Defending champions fall short in pursuit of five-in-a-row as Royal County make history

Shauna Ennis lifts the Brendan Martin Cup for the first time in Meath’s history. Photograph: Bryan Keane/Inpho

Shauna Ennis lifts the Brendan Martin Cup for the first time in Meath’s history. Photograph: Bryan Keane/Inpho

 

Meath 1-11 Dublin 0-12

Come all you royal champions.

Defying the odds and expectations and everything else in between Meath have won their first senior women’s All-Ireland football title at their first attempt, denying Dublin a fifth on the trot in the process and shaking the old ground at Croke Park in a way that hasn’t been felt in quite a while.

In a final for the ages and after a duly frantic climax, Meath held on for the two-point win after Dublin threw all their experience at them in an attempt to draw level. Instead Meath had taken control from the throw-in, both teams making it a breathtaking contest that never let up and produced one remarkable score after the other.

It was a tactical masterclass by Meath manager Eamonn Murray, the deadly high press on the Dublin kick-outs working wonders and particularly in the first-half, during which Meath built a five-point cushion that was enough to see them home.

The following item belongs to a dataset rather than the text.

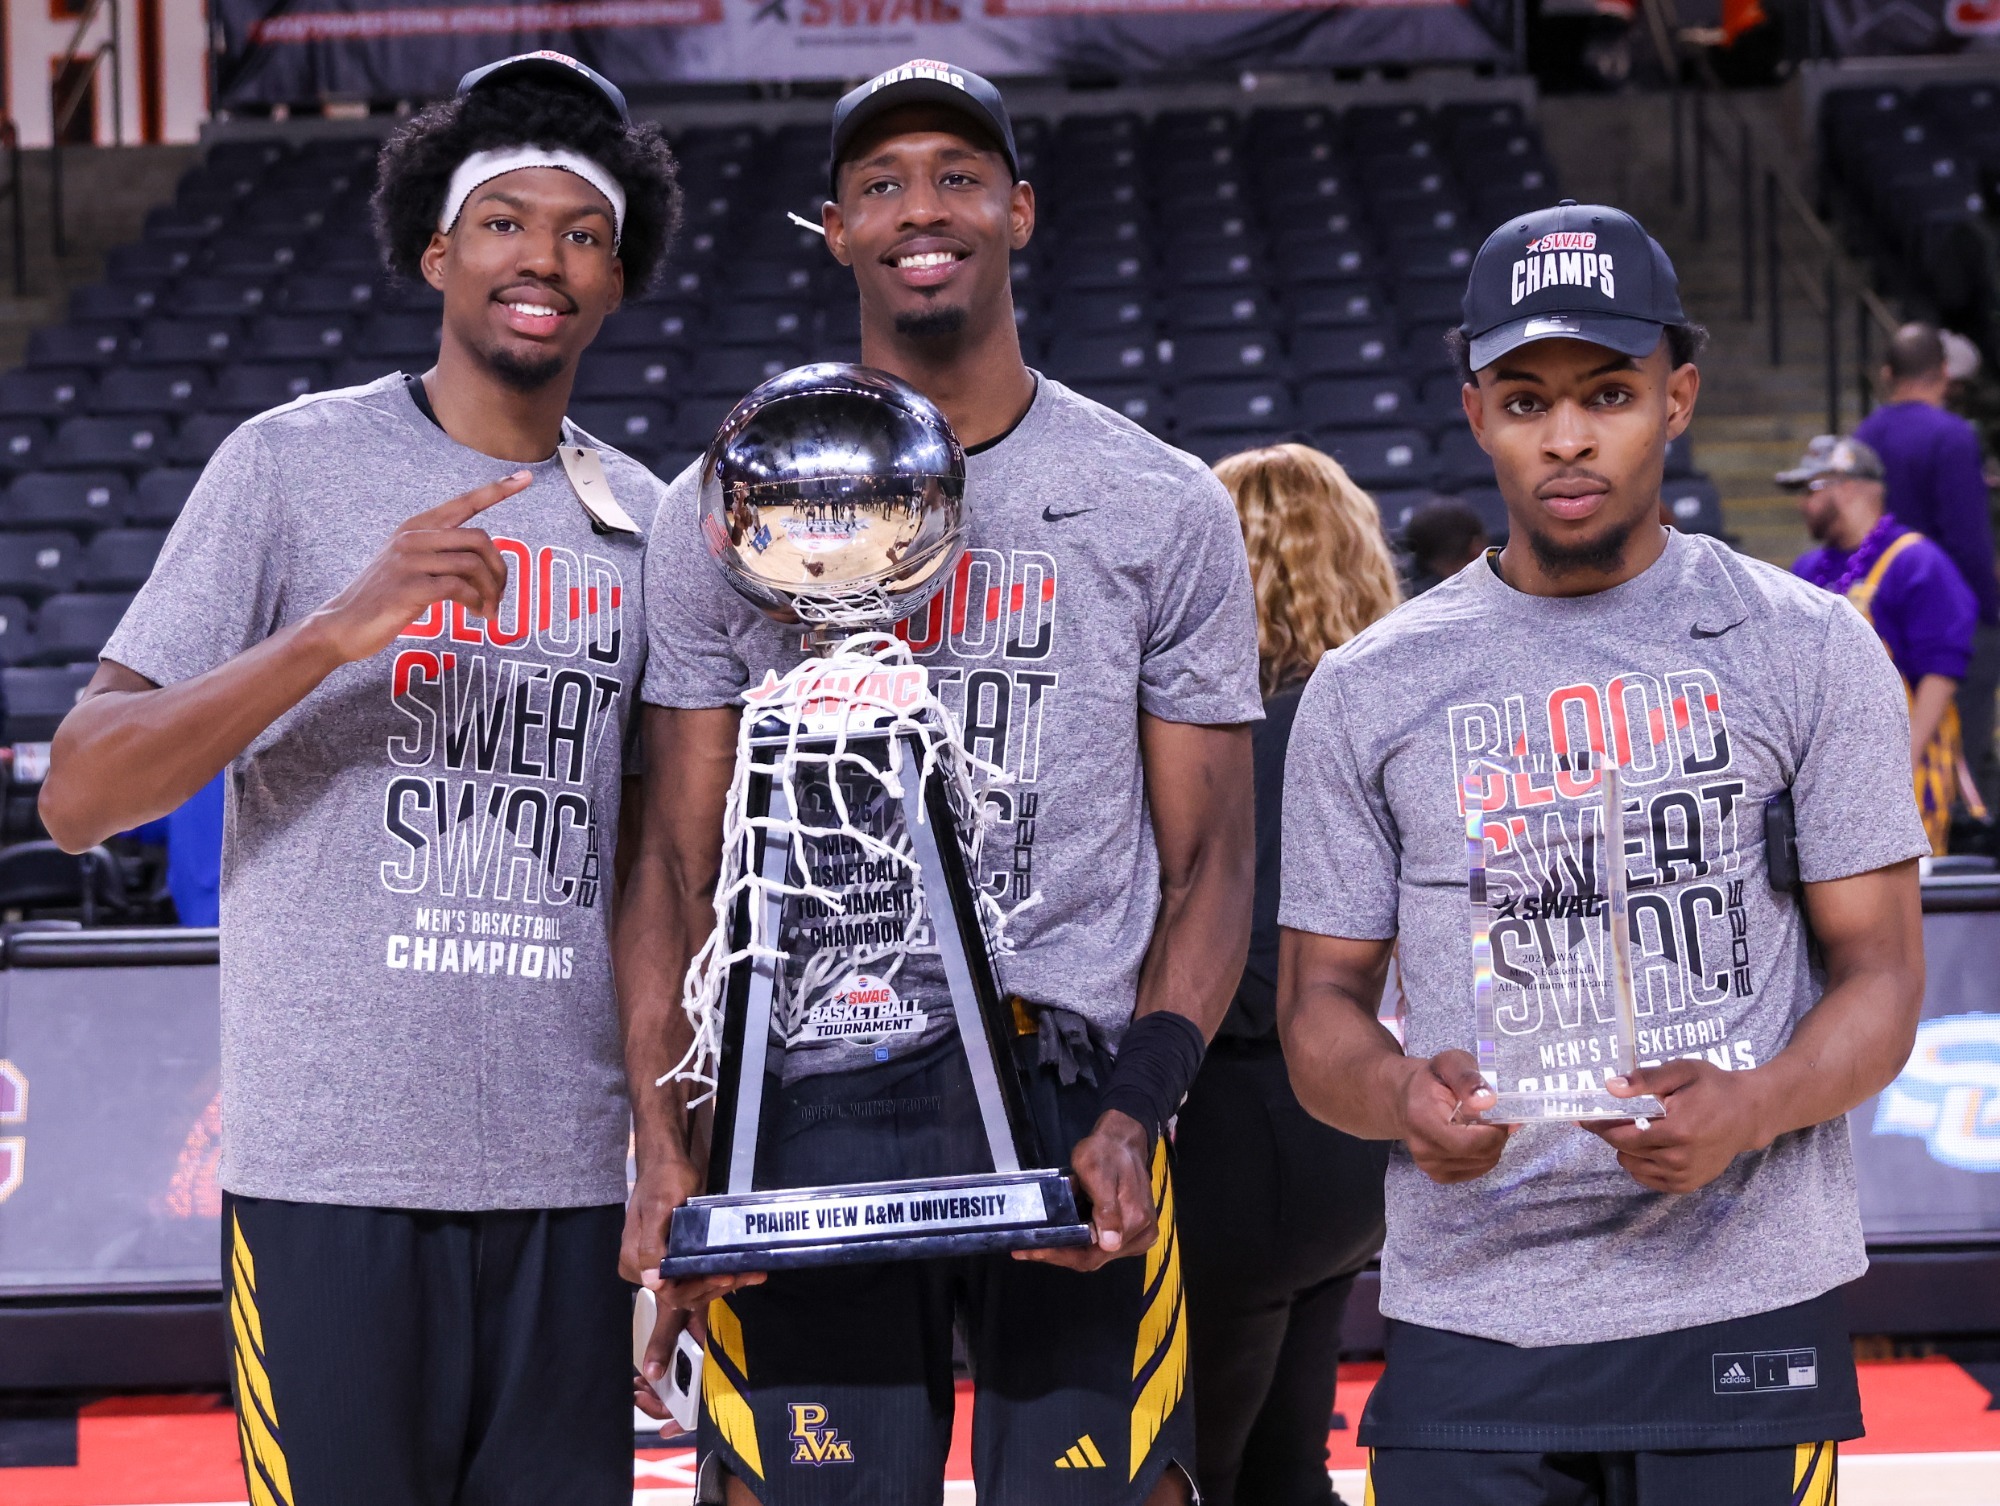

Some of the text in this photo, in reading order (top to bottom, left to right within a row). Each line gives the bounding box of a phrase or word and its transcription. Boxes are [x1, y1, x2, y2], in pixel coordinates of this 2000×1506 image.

Meath celebrate with the Brendan Martin Cup after their historic win over Dublin. Photograph: Laszlo Geczo/Inpho
Meath celebrate with the Brendan Martin Cup after their historic win over Dublin. Photograph: Laszlo Geczo/Inpho

Murray had guided the county to a first senior women’s final, having won the intermediate title only last December, and in truth Dublin were raging favourites to make it five in a row and a sixth title in all. Meath ignored that script and all the headlines that came with it, captain Shauna Ennis lifting the Brendan Martin cup for the first time in the history of Royal County.

They performed with a maturity and patience and fearlessness beyond all their experience, delivering Dublin their first defeat after a winning streak of 25 games going back to their last defeat in the 2016 final.

Much of the Meath game was built around their fantastic attacking force and pursuit of Vikki Wall and Emma Duggan, passes all over the field sticking like darts to the board, and utterly dogged defending.

It took Meath 15 minutes to produce the first score in the second-half, only that didn’t matter. Two more points from Duggan and Niamh O’Sullivan was enough to hold on to the moment in history and time.

Dublin, as champions do, got it back to a two-point game with two minutes to go thanks to the sheer persistence of Hannah Tyrrell, who finished with 0-7, but it was simply too little too late.

Hannah Tyrrell scores a point under pressure during Dublin’s win over Meath. Photograph: Bryan Keane/Inpho
Hannah Tyrrell scores a point under pressure during Dublin’s win over Meath. Photograph: Bryan Keane/Inpho

Few could have imagined Meath would be up on the champions 1-8 to 0-6 at half-time. That’s because Meath hit the ground sprinting, Wall winning the throw-in and racing down at goal to win a free - duly converted by Stacey Grimes. Game on.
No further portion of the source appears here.